Aku mencari tahu tentangnya. Aku tahu aku tidak seharusnya begitu penasaran, tapi aku tidak bisa menahan diri. Aku ingin tahu siapa dia, ingin tahu kenapa hanya dengan melihatnya aku merasa sedikit lebih ringan. Namanya Shani Indira.

Hari-hari berikutnya aku mulai memperhatikan dia lebih sering. Aku melihatnya lagi di sekolah, melakukan hal yang sama—memberi makan kucing liar. Tapi kali ini, aku memperhatikan lebih dalam. Dia cantik, tapi itu bukan alasan aku tertarik padanya. Ada sesuatu dalam caranya memandang dunia, sesuatu yang membuatku merasa bahwa ada harapan di luar kegelapan yang selama ini menelanku.

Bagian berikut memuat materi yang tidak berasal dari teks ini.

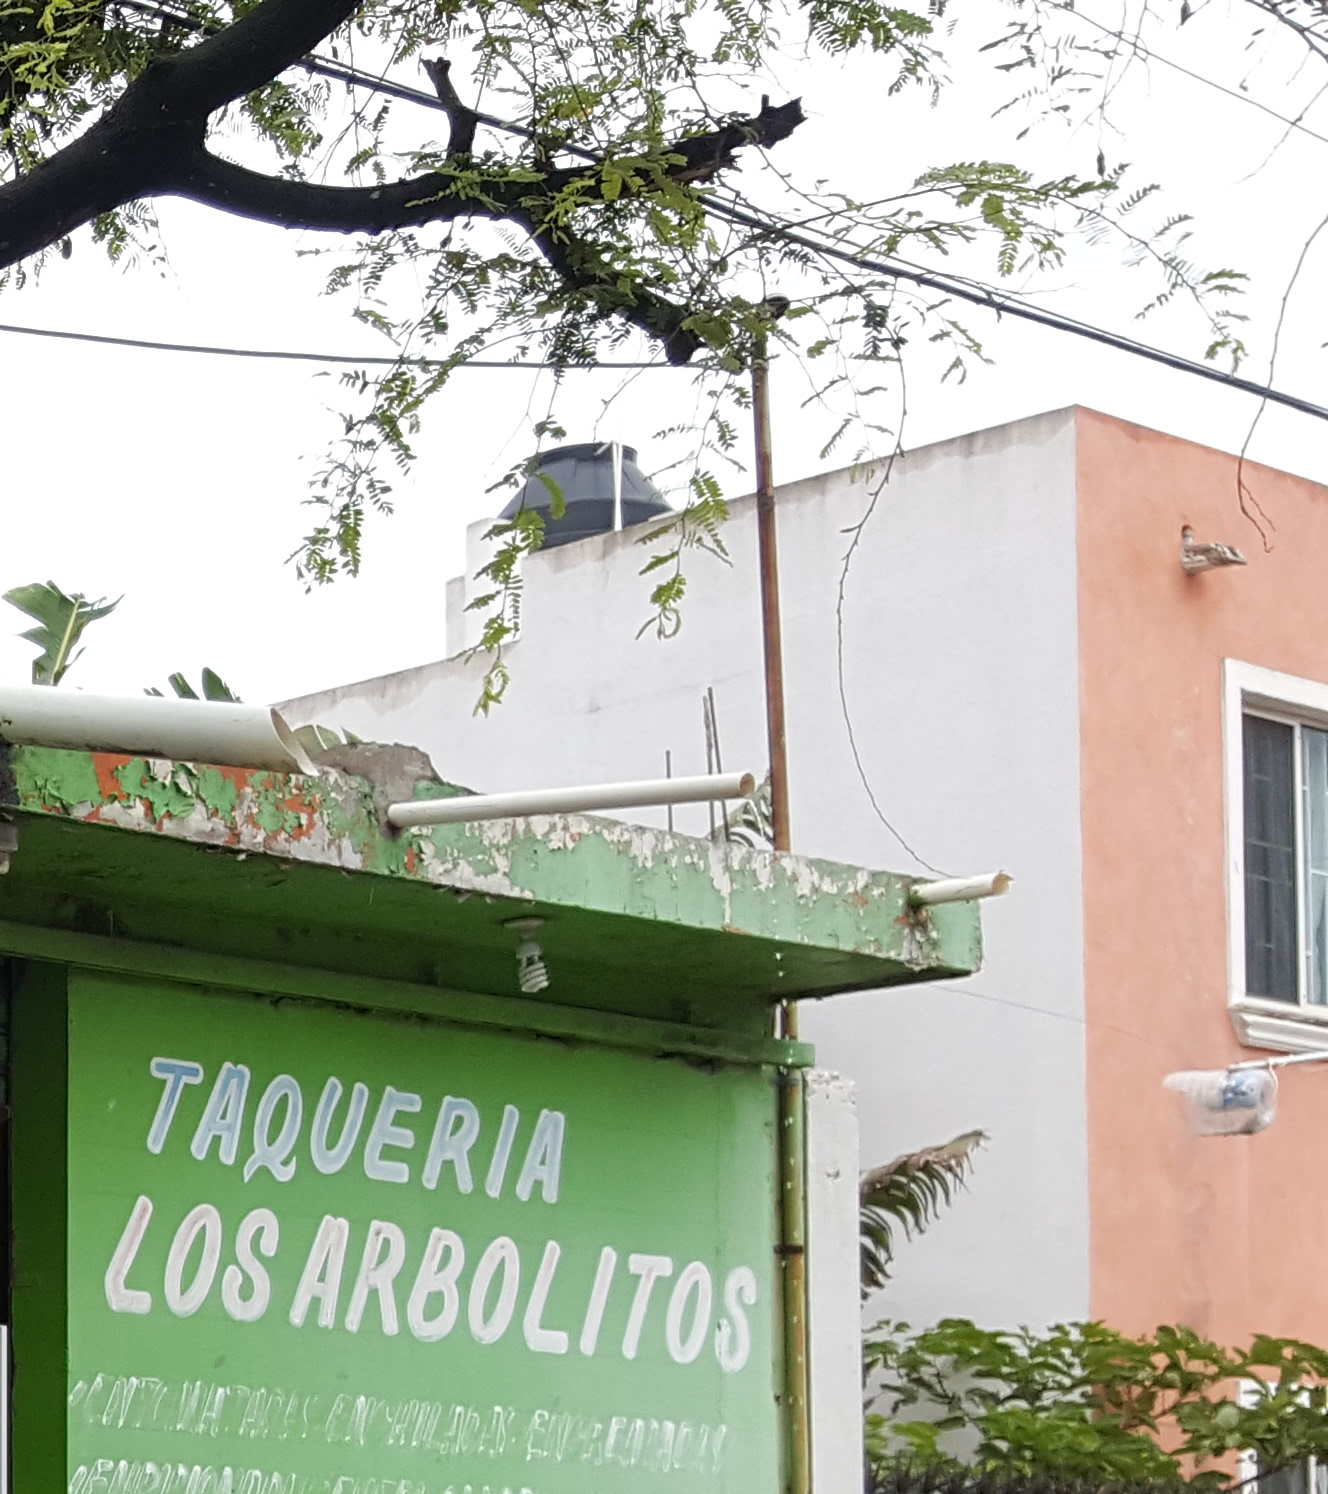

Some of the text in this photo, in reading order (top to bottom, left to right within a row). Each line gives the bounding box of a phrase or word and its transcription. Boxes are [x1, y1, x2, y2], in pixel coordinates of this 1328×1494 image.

Awalnya aku menangkis perasaanku tentu, perempuan dan perempuan bersama adalah hal yang tidak pernah terlintas di benakku sebelumnya. Aku merasa bahwa aku hanya sebatas kagum padanya, tetapi saat aku melihat Anin dan Sisca—teman dekat Shani—bercumbu di mall kala itu, aku baru sadar, bahwa perasaanku pada Shani bukan sekadar kekaguman semata. Aku mencintainya.

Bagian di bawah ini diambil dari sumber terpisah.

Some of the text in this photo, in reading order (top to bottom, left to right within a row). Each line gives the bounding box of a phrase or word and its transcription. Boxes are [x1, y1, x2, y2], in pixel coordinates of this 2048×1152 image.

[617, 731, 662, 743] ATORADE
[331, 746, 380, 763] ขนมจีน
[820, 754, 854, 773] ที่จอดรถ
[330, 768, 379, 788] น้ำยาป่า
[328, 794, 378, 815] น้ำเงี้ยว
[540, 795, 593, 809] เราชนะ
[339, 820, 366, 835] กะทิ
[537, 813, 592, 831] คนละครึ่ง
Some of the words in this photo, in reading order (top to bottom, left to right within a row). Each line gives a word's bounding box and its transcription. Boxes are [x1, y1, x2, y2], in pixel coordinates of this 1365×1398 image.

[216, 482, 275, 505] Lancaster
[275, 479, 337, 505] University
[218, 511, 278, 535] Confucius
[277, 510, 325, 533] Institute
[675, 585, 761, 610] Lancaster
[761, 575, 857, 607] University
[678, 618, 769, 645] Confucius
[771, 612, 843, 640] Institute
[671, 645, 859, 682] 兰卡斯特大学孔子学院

Aku memanfaatkan momen. Sangat senang sekali akhirnya aku bisa dekat dengan dirinya. Kami bertemu di rooftop, tempat yang sama dimana hatiku pertama kali jatuh padanya. Akhirnya, aku bisa terlihat di garis edarnya, meskipun seringkali dia memperlakukanku dengan sedikit kasar. Aku selalu merasa memiliki harapan, setiap hari harapanku seperti semakin besar.

Namun, harapan itu tidak bertahan lama.

Hari-hari yang datang berikutnya adalah neraka. Papa menikah lagi, dan wanita itu semakin menjadi-jadi. Dia menguasai rumah kami, mengendalikan semuanya, bahkan hidupku. Puncaknya adalah kecelakaan itu. Aku tidak ingin mengingatnya, tapi ingatan itu terus menghantui, mengusik tidurku setiap malam.